_ASSIGNED TASK_
Exact copy, pictures excluded: please retype every record below.

Collected data:
┄┄┄┄┄┄┄┄┄┄┄┄┄┄┄┄┄┄┄┄

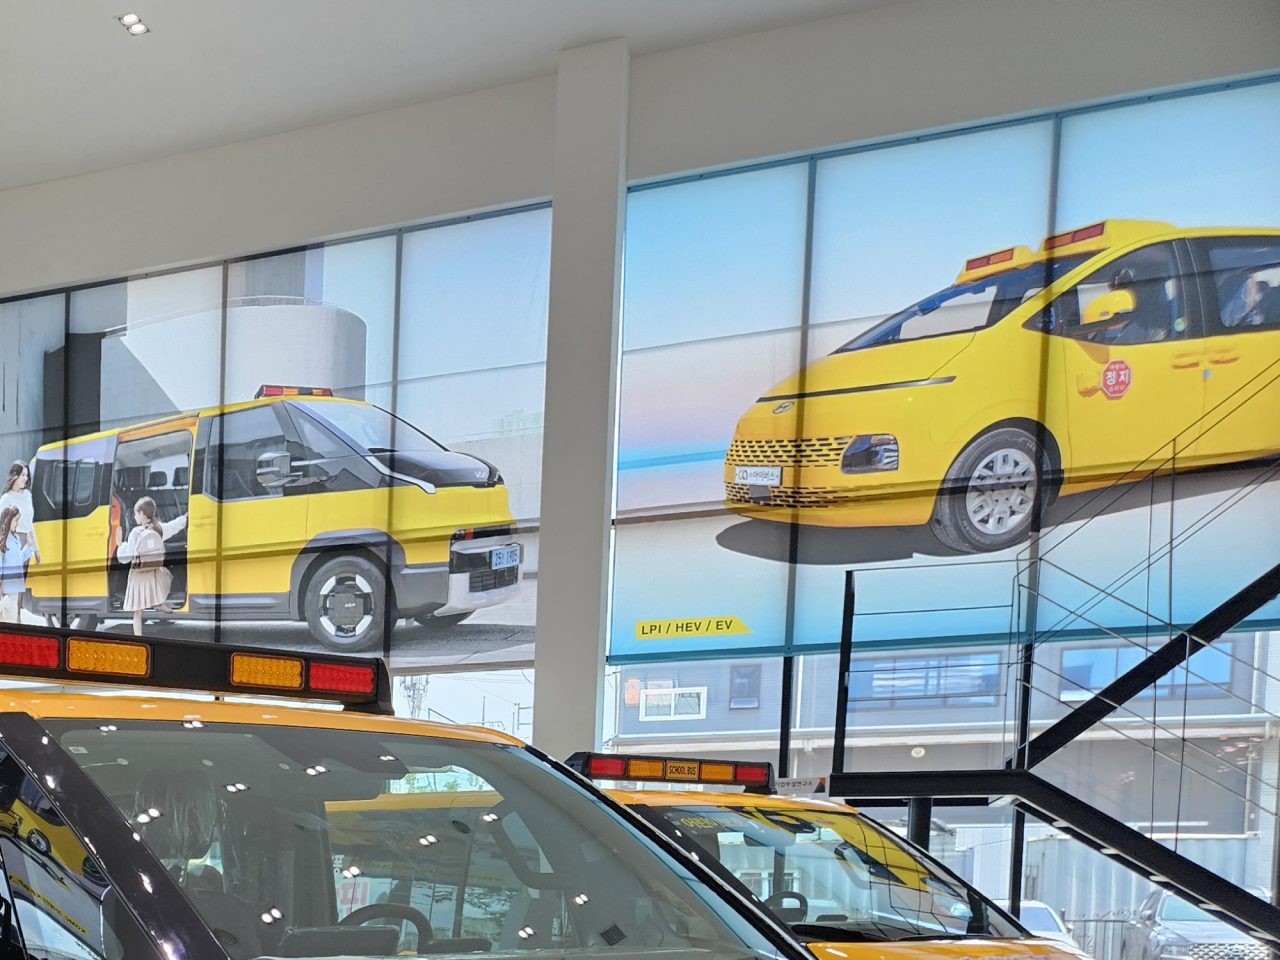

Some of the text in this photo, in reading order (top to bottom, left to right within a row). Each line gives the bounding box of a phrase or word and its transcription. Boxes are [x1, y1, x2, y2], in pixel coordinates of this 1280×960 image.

[641, 624, 662, 636] LPI
[675, 621, 702, 633] HEV
[715, 620, 733, 631] EV
[668, 764, 697, 776] SCHOOL BUS

┄┄┄┄┄┄┄┄┄┄┄┄┄┄┄┄┄┄┄┄

_RESPONSE AREA_
Some of the text in this photo, in reading order (top to bottom, left to right within a row). Each line gives the bounding box of a phrase or word and its transcription. Boxes are [x1, y1, x2, y2], in pixel coordinates of this 1280×960 image.

[641, 624, 662, 636] LPI
[675, 621, 702, 633] HEV
[715, 620, 733, 631] EV
[668, 764, 697, 776] SCHOOL BUS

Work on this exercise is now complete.